[Records from a data source]
______

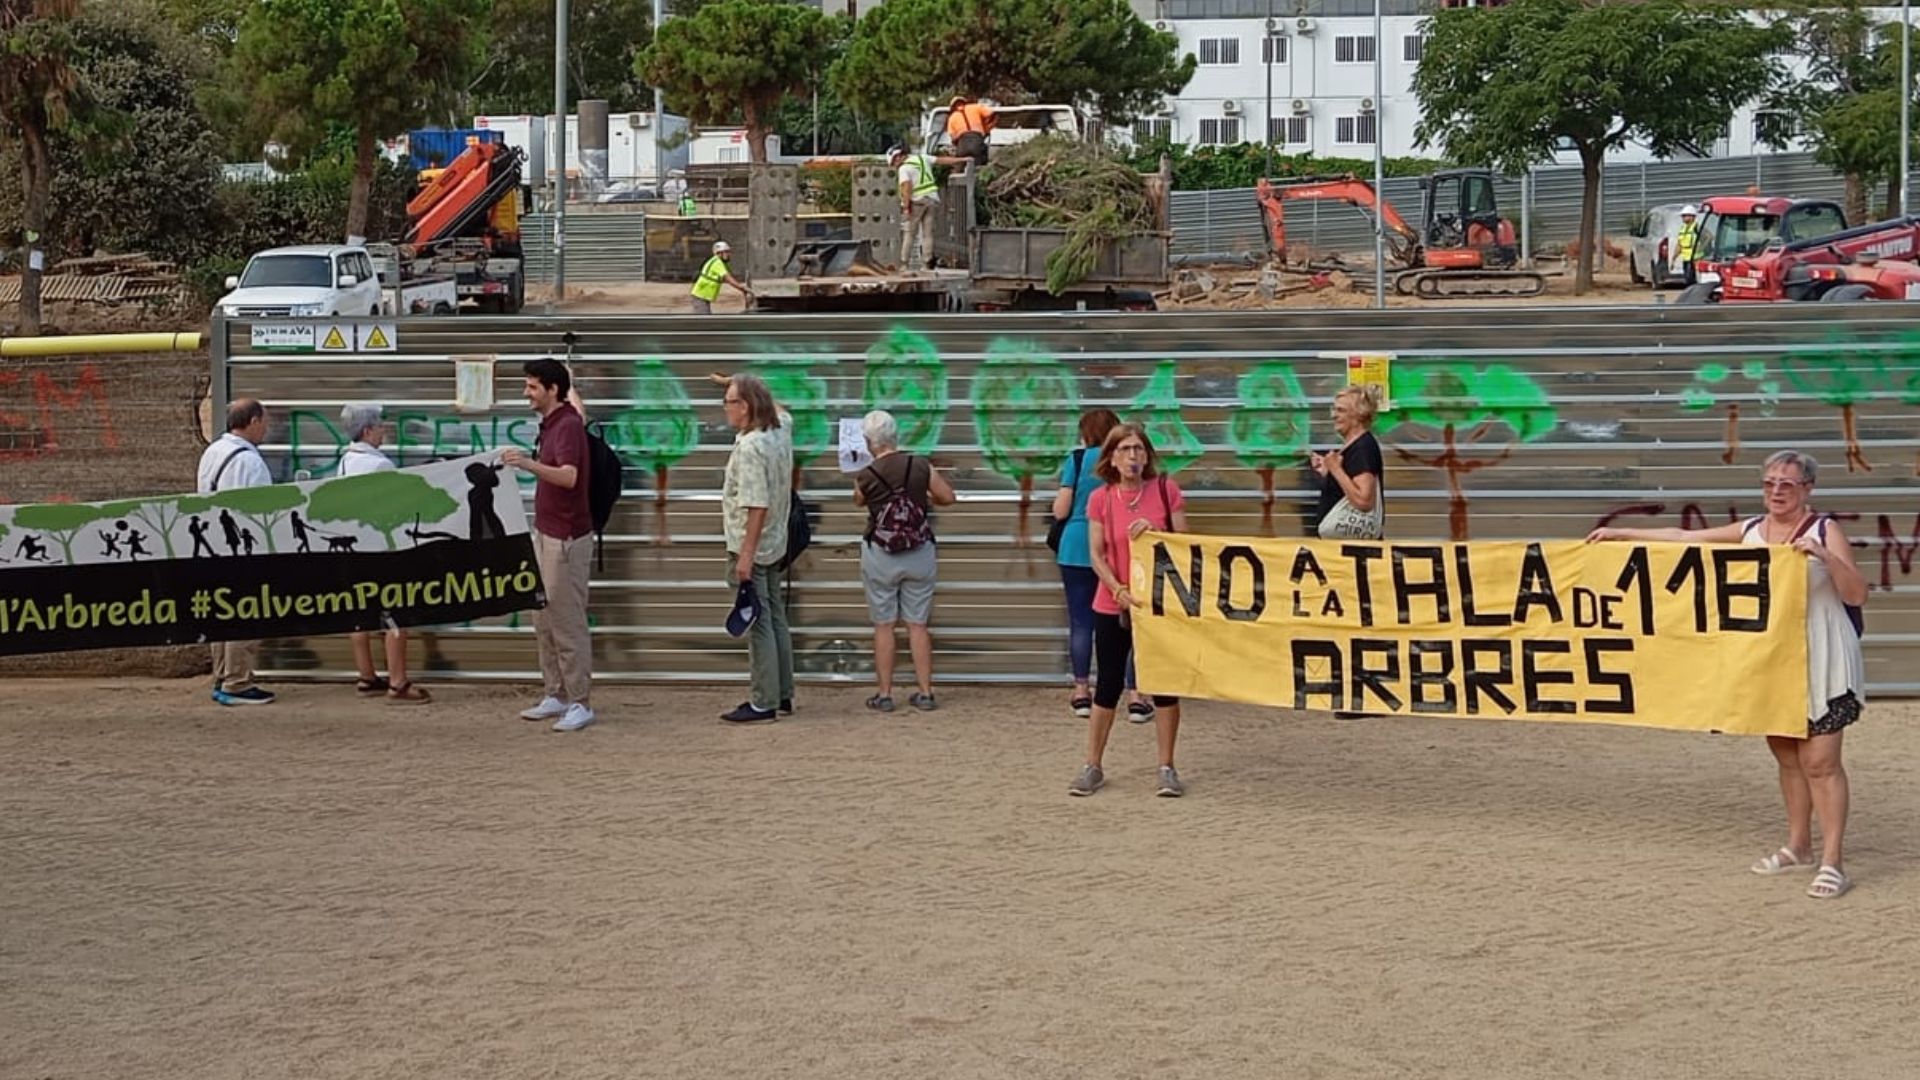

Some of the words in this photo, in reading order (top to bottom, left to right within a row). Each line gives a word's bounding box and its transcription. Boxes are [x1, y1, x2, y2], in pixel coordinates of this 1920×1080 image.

[190, 559, 537, 621] #SalvemParcMiró
[1151, 540, 1267, 622] NO
[1289, 546, 1328, 586] A
[1341, 542, 1564, 628] TALA
[1615, 546, 1772, 636] 118
[1292, 589, 1344, 618] LA
[1572, 586, 1625, 630] DE
[1290, 638, 1636, 716] ARBRES

______

## Your task
Output a verbatim copy of the entries and skip the pictures.

## Answer box
Some of the words in this photo, in reading order (top to bottom, left to right within a row). Each line gives a word's bounding box and its transcription. Boxes are [x1, y1, x2, y2], in pixel coordinates of this 1920×1080 image.

[190, 559, 537, 621] #SalvemParcMiró
[1151, 540, 1267, 622] NO
[1289, 546, 1328, 586] A
[1341, 542, 1564, 628] TALA
[1615, 546, 1772, 636] 118
[1292, 589, 1344, 618] LA
[1572, 586, 1625, 630] DE
[1290, 638, 1636, 716] ARBRES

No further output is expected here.